Today is an unusual blog, for I link no articles, do no research, refer to no one else's thoughts. But I feel compelled to write something about the final landing of the final space shuttle mission, that of Atlantis. It truly is the end of an era, the era of manned NASA space missions, and the end of the era of the albatross that has shackled (perhaps deliberately) the public American manned space program in low Earth orbit since the heady lunar days of Apollo. As NASA parks unmanned interplanetary probes with ion propulsion around asteroids, prepares to send nuclear powered rovers to Gale Crater on Mars, I wonder, incredulously, why for decades we stuck with this albatross and relic from 1970s planning for so long for our manned missions. The space shuttle never lived up to the promises we were given back then, and cost us the lives of highly trained astronauts not once, but on two occasions.
Worse, all the grand visions and planning that I remember so well as a boy growing up in the turbulent 1960s of colonies on the Moon and manned missions to Mars before the end of the last century fell by the wayside, as we played with Tinkertoys and Lincoln Logs building the international space station by means of the shuttle albatross. All the benefits that resulted from the Apollo program - just think of the computer on your desktop for one implication - would have been magnified by those grander visions exponentially.

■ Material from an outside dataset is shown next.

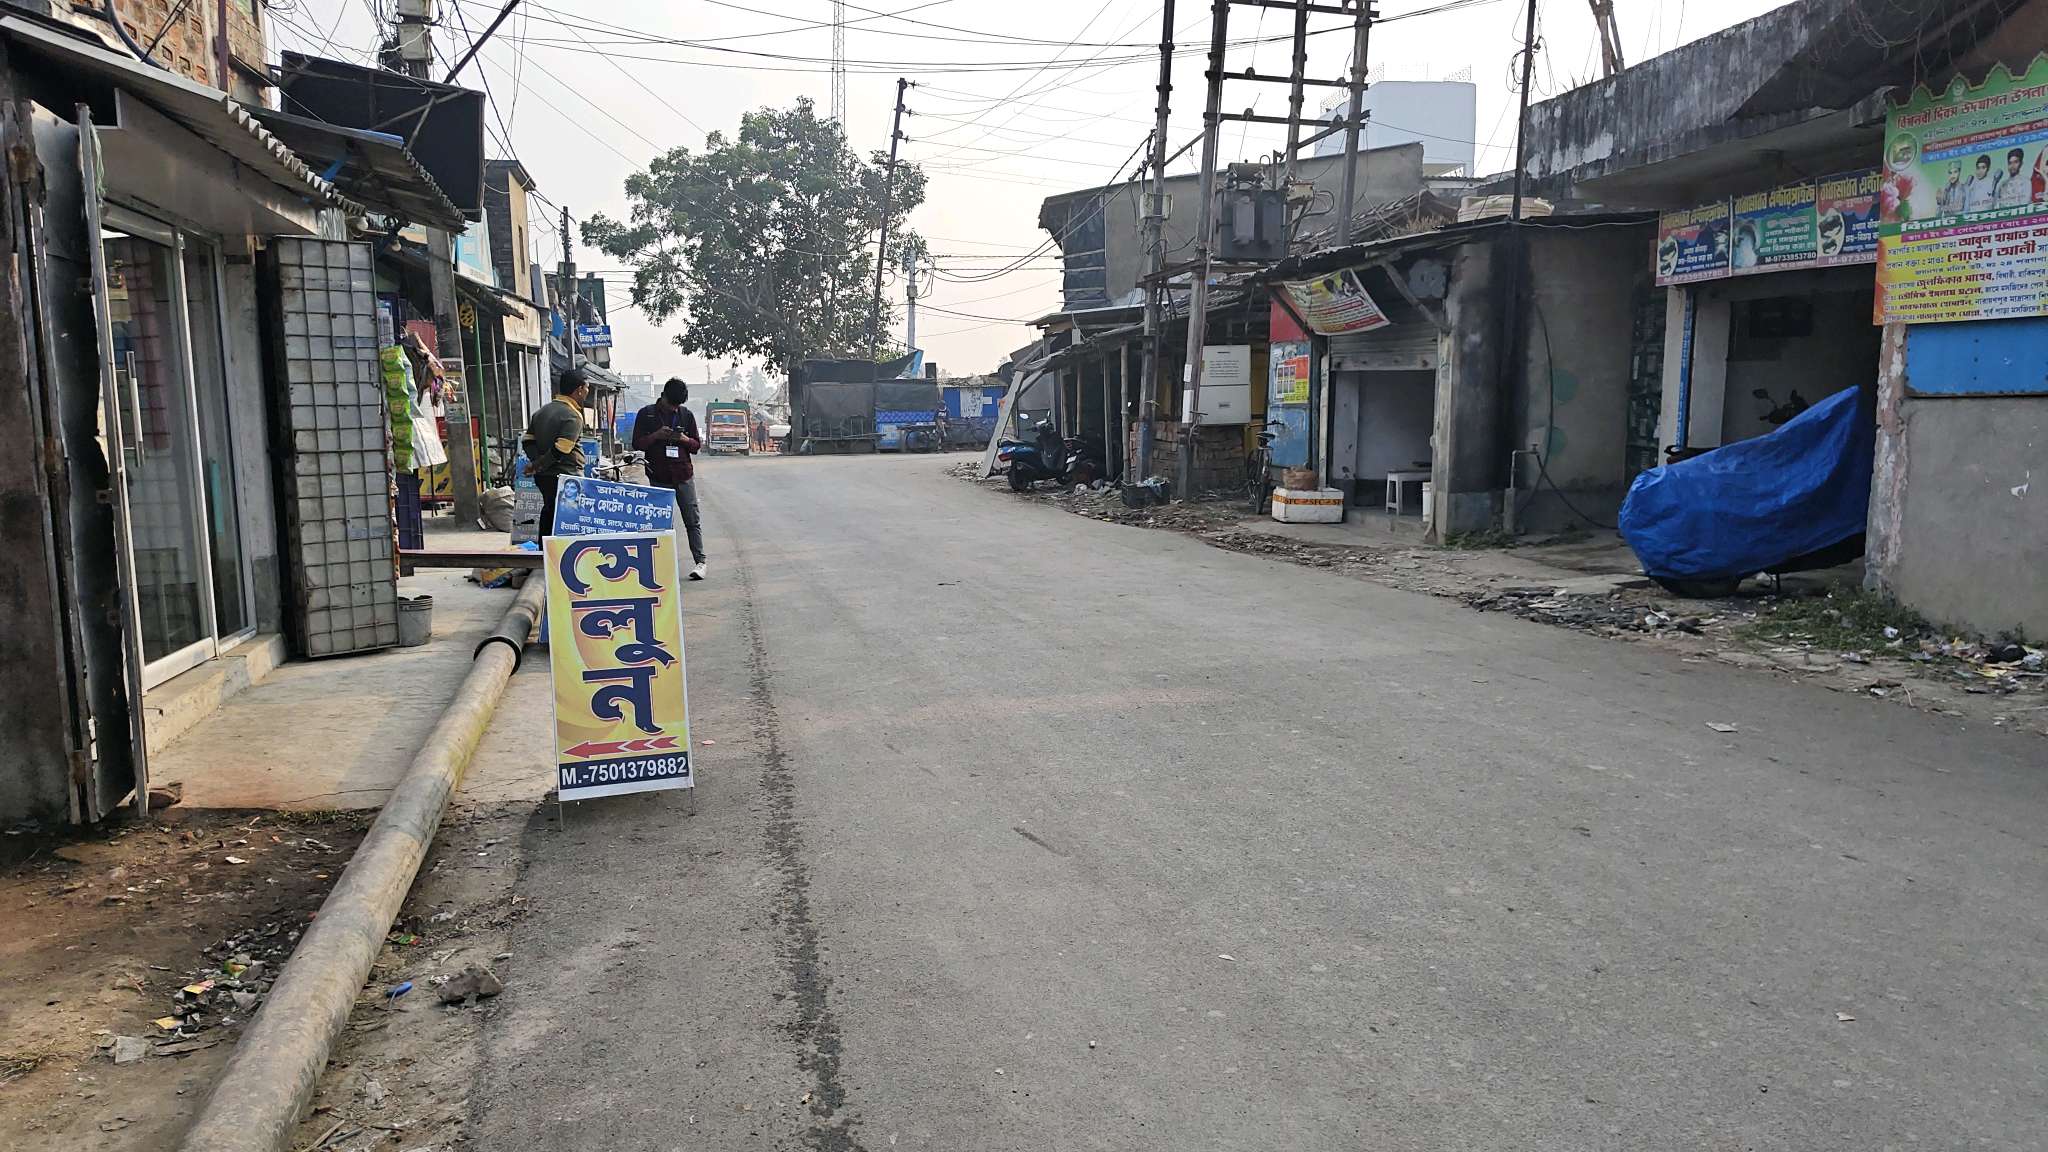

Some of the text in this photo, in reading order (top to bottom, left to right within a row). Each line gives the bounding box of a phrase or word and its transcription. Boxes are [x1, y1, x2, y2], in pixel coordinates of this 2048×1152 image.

As the shuttle was preparing for retirement, however, we were told about the US Air Force's unmanned robotic shuttle-drone, about Gary McKinnon's hacking into NASA and defense department computers, and his insistence to this day that he saw the names of "ships" and "personnel" for a secret space program. We were told also of Ronal Reagan's own debriefing, something that may have slipped past the censors, that the USA had a personnel-carrying capacity in space of 300 persons, far beyond the carrying capacity of America's shuttle fleet at any time.
And all this is just the stuff we know about. If the adage holds true that what is classified is at least one, if not two or three, decades in advance of what is publicly revealed, then perhaps the albatross was retired, not because it had outlived its always questionable usefulness, but because the real manned goings on in space are of such a nature that they must remain deeply covert, for I can no more believe the USA would relinquish manned space flight any more than I can that Russia, China, or Europe would do so. Space is the strategic high ground; it is an inevitable magnet to the world powers' militaries, and it will remain so.
It remains for the public to be convinced that we need to remain in space publicly, for that, as so many others have also said, would pay big long term economic benefits to people here on terra firma. Look again at the technologies being utilized by NASA now in its unmanned probes, and extrapolate from them the possibilities for manned space flight, and you will probably reach the same conclusion that I do: there really is no excuse not to have manned missions, and interplanetary ones at that.
The question is: Why aren't we doing so(assuming, of course, that if there is a secret program, it is not already doing so)? The only conclusion I can come to is that any public programs must somehow have been warned off from doing so, by someone. The question is who, and why? That would open a Pandora's box of speculation, which I choose not to open here. Perhaps, as I blogged in an earlier article, the decision has been taken to surrender any public manned programs to commercial and private development, leaving the government's role strictly military.
Personally, I would hope that as the shuttle era ends, that we can have a new national debate about the role - and from my point of view, need - for a continued manned program. We have been on a thirty-plus years' diversion. It's time to start thinking of deep space once again, and of the necessary technologies to get us there.